**Task instructions:**
Apart from the pictures, every entry below should be repeated exactly.

(Data records)
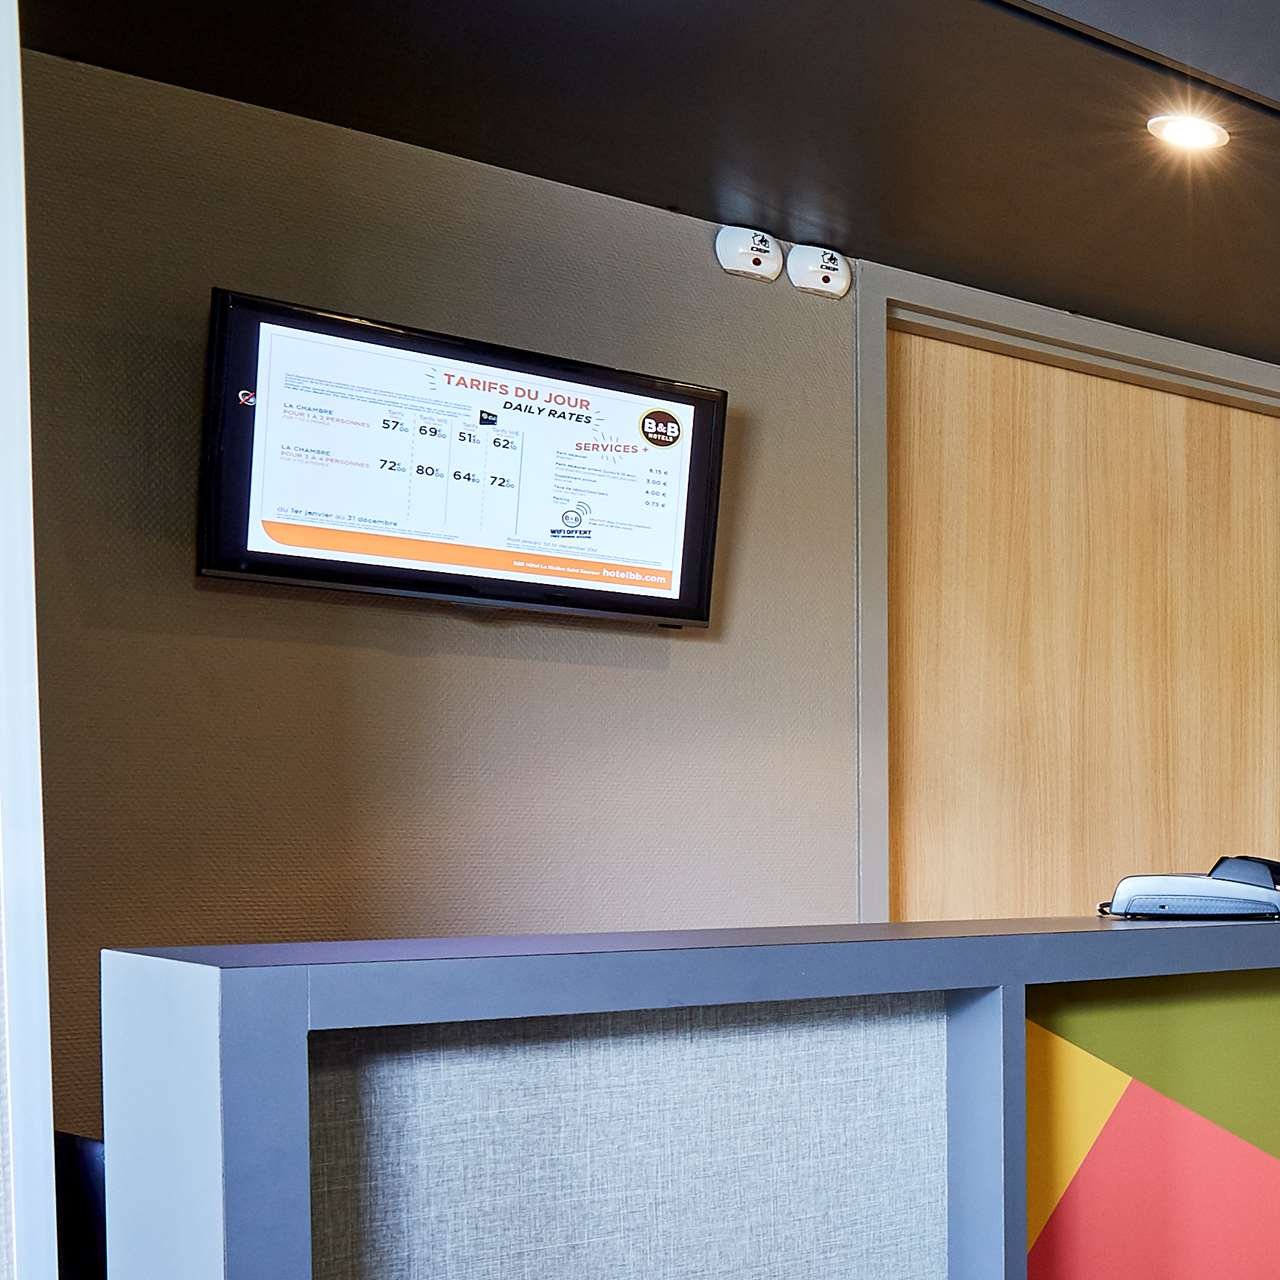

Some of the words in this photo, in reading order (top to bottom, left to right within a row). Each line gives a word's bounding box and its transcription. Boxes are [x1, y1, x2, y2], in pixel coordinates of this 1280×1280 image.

[443, 373, 509, 395] TARIFS
[514, 386, 539, 401] DU
[543, 392, 591, 411] JOUR
[502, 401, 546, 416] DAILY
[547, 409, 592, 424] RATES
[643, 418, 680, 437] B&B
[648, 432, 673, 442] HOTELS
[575, 442, 638, 453] SERVICES
[602, 567, 666, 584] hotelbb.com

**Worked solution:**
Some of the words in this photo, in reading order (top to bottom, left to right within a row). Each line gives a word's bounding box and its transcription. Boxes are [x1, y1, x2, y2], in pixel coordinates of this 1280×1280 image.

[443, 373, 509, 395] TARIFS
[514, 386, 539, 401] DU
[543, 392, 591, 411] JOUR
[502, 401, 546, 416] DAILY
[547, 409, 592, 424] RATES
[643, 418, 680, 437] B&B
[648, 432, 673, 442] HOTELS
[575, 442, 638, 453] SERVICES
[602, 567, 666, 584] hotelbb.com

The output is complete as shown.